### INFORMATION SHOWN
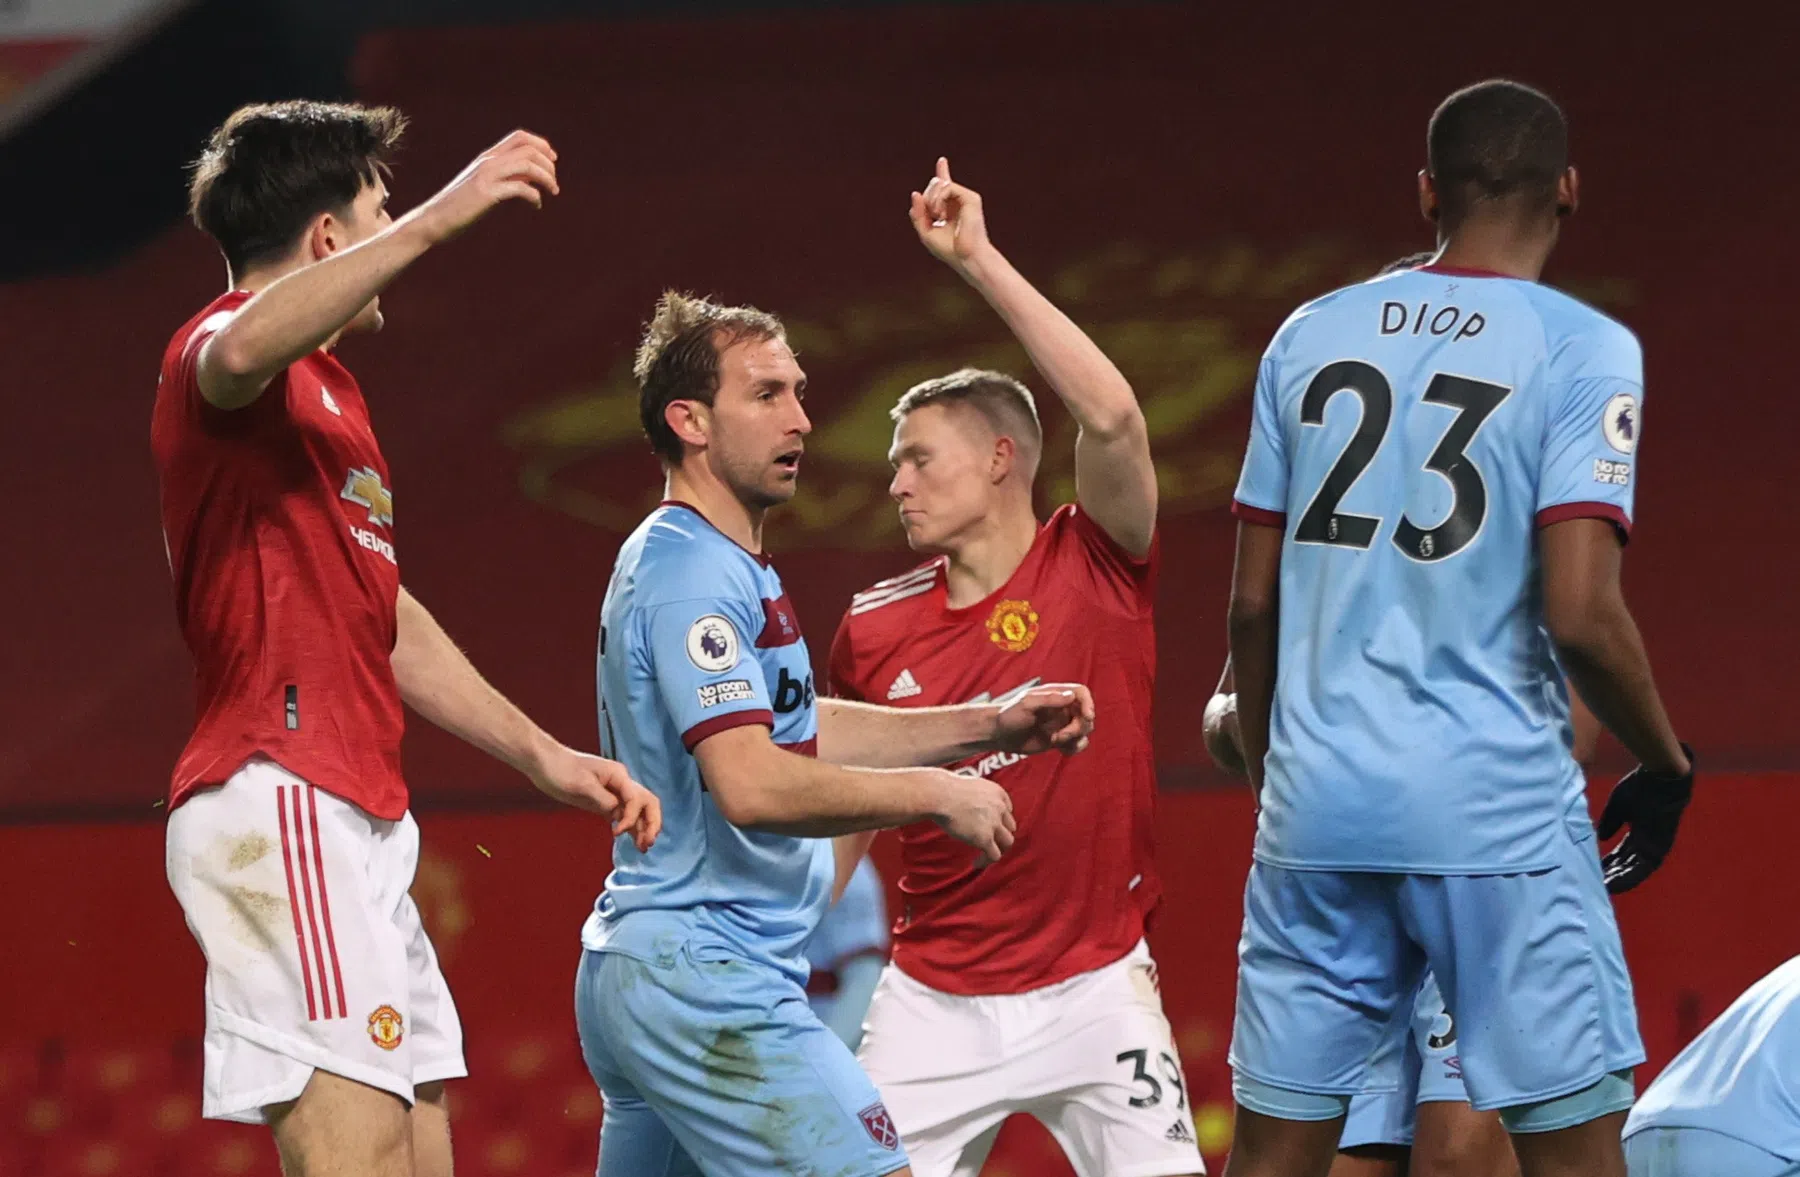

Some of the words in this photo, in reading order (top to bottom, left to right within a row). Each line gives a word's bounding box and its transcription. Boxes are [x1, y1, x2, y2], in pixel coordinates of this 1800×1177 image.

[1379, 300, 1486, 343] DIOP
[1294, 358, 1514, 564] 23
[697, 685, 717, 699] No
[717, 681, 749, 694] room
[700, 695, 718, 709] for
[719, 690, 756, 703] racism
[1116, 1047, 1184, 1111] 39

### EXERCISE REQUIREMENTS
The images are to be left out; every line above should be set down exactly.

### RESPONSE TO THIS EXERCISE
Some of the words in this photo, in reading order (top to bottom, left to right within a row). Each line gives a word's bounding box and its transcription. Boxes are [x1, y1, x2, y2], in pixel coordinates of this 1800×1177 image.

[1379, 300, 1486, 343] DIOP
[1294, 358, 1514, 564] 23
[697, 685, 717, 699] No
[717, 681, 749, 694] room
[700, 695, 718, 709] for
[719, 690, 756, 703] racism
[1116, 1047, 1184, 1111] 39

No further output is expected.